-- Records shown --
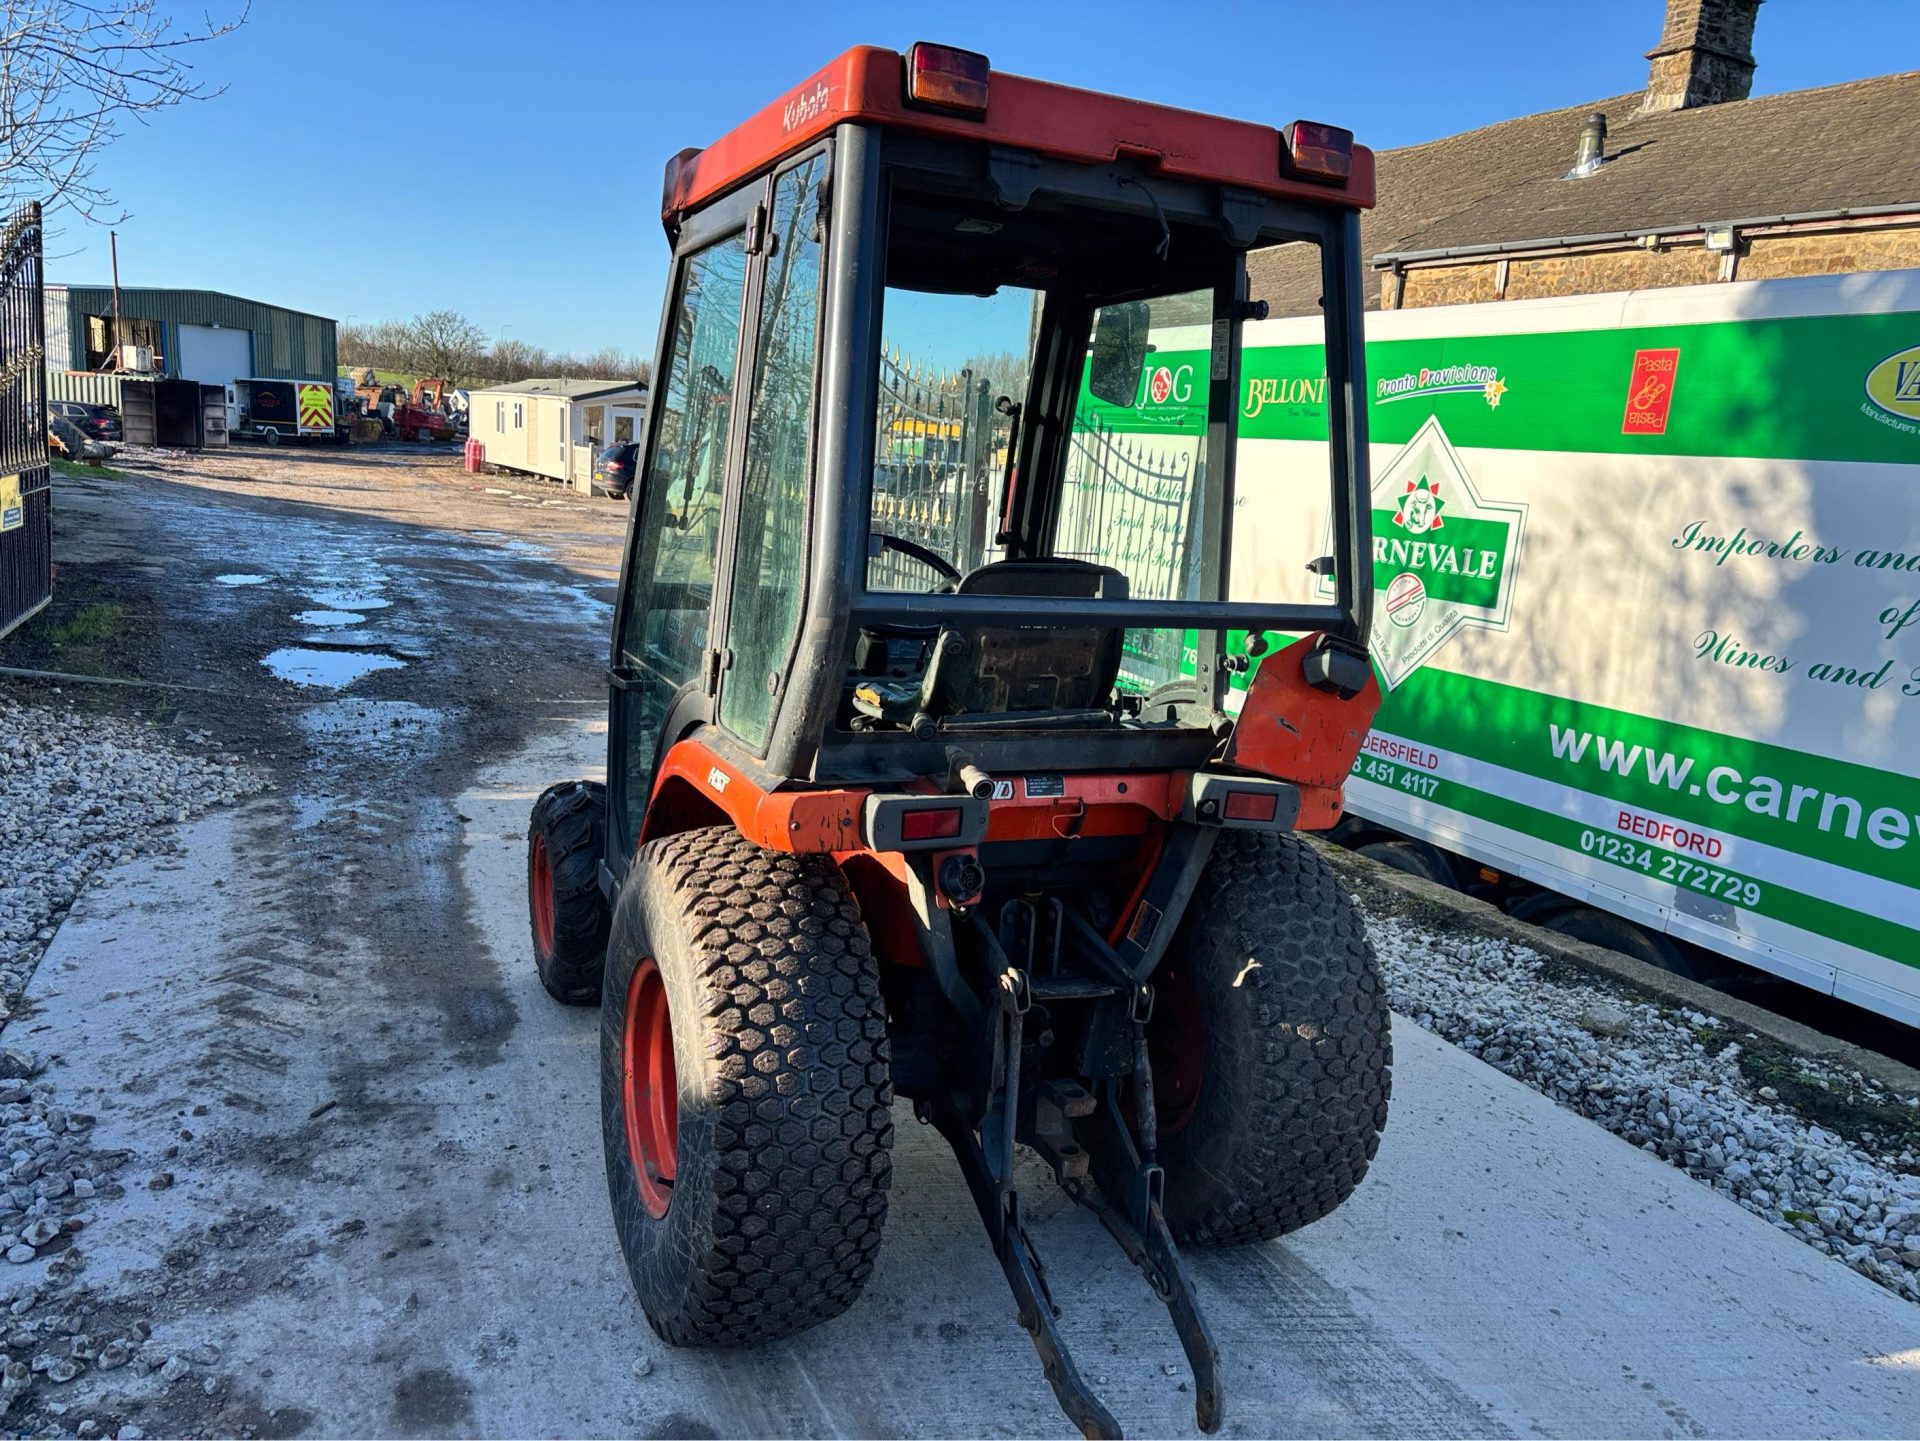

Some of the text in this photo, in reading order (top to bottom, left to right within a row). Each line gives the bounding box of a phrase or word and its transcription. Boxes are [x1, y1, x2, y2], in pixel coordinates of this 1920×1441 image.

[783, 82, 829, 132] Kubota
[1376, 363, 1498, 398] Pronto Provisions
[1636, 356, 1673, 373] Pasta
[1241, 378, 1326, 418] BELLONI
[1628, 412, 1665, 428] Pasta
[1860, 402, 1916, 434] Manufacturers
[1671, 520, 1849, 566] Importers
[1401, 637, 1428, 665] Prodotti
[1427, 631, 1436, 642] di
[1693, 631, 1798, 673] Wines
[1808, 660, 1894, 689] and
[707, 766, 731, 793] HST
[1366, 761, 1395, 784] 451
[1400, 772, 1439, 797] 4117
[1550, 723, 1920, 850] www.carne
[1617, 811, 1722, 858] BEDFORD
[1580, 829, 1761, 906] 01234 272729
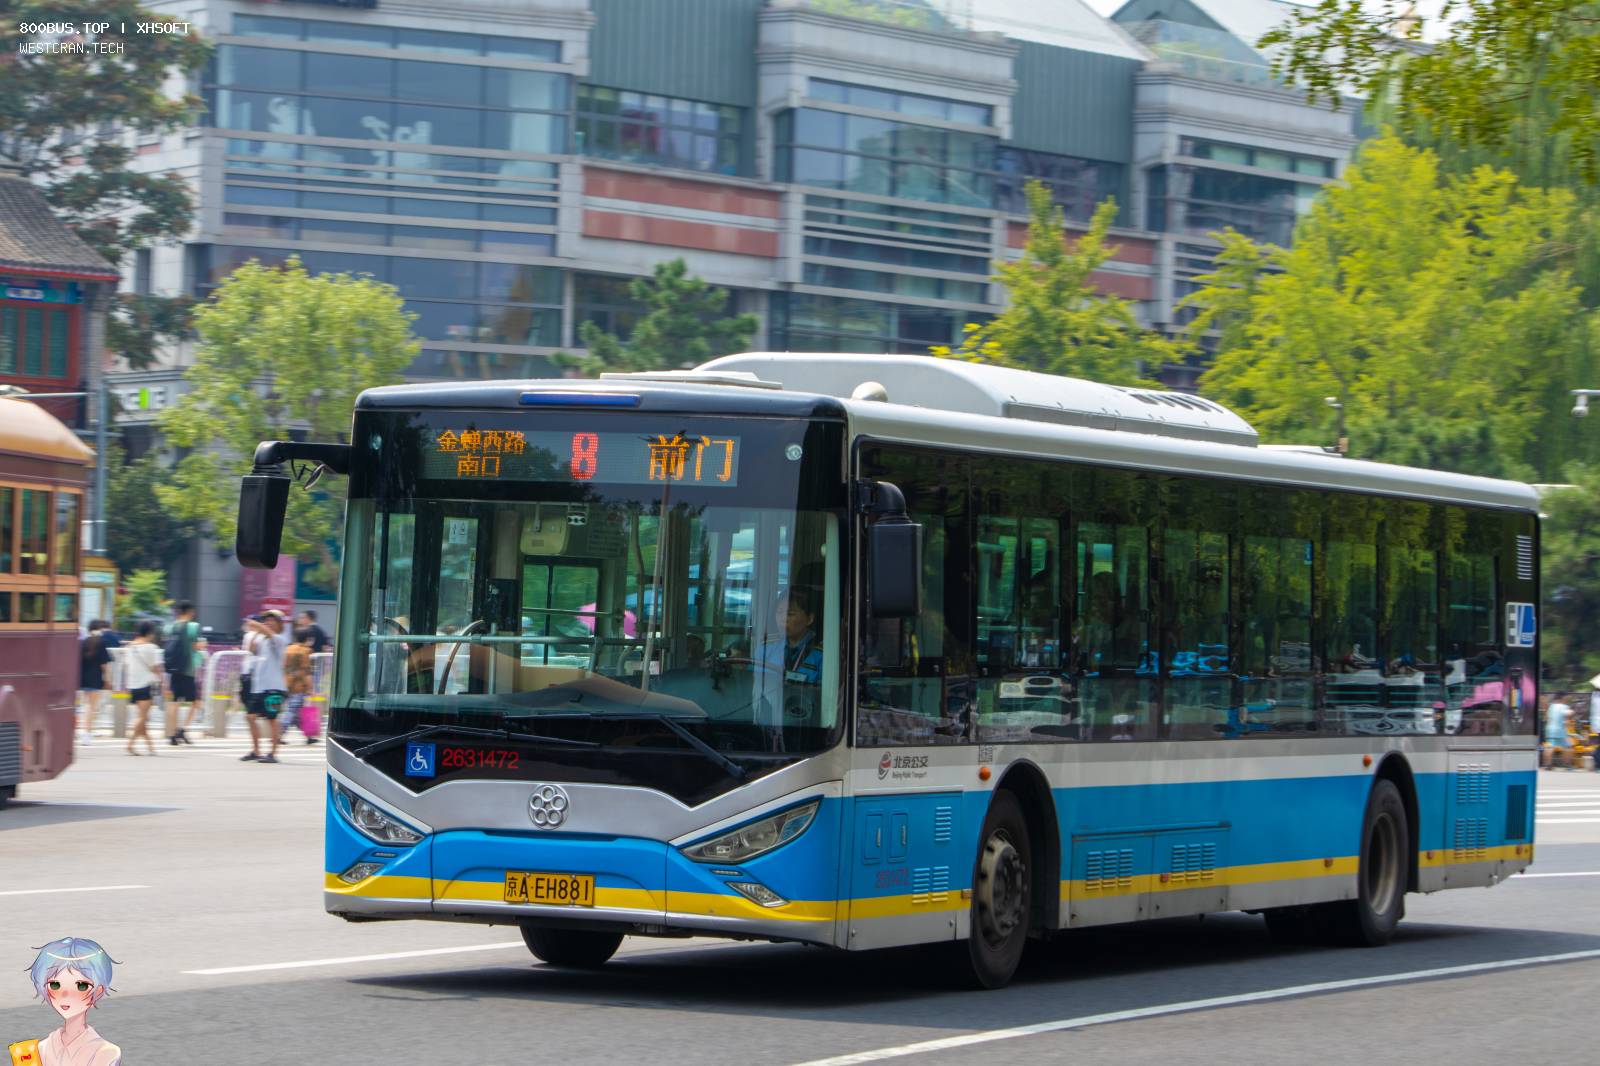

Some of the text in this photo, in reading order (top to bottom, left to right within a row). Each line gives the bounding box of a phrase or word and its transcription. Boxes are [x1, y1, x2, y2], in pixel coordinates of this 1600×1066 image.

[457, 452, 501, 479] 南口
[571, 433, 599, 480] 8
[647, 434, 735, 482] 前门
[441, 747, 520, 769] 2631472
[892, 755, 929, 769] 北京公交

-- Your instructions --
Each line from the one that holds "this 1600×1066 image." to the end of the records above should be transcribed exactly, both ends included.

-- Reply --
Some of the text in this photo, in reading order (top to bottom, left to right within a row). Each line gives the bounding box of a phrase or word and its transcription. Boxes are [x1, y1, x2, y2], in pixel coordinates of this 1600×1066 image.

[457, 452, 501, 479] 南口
[571, 433, 599, 480] 8
[647, 434, 735, 482] 前门
[441, 747, 520, 769] 2631472
[892, 755, 929, 769] 北京公交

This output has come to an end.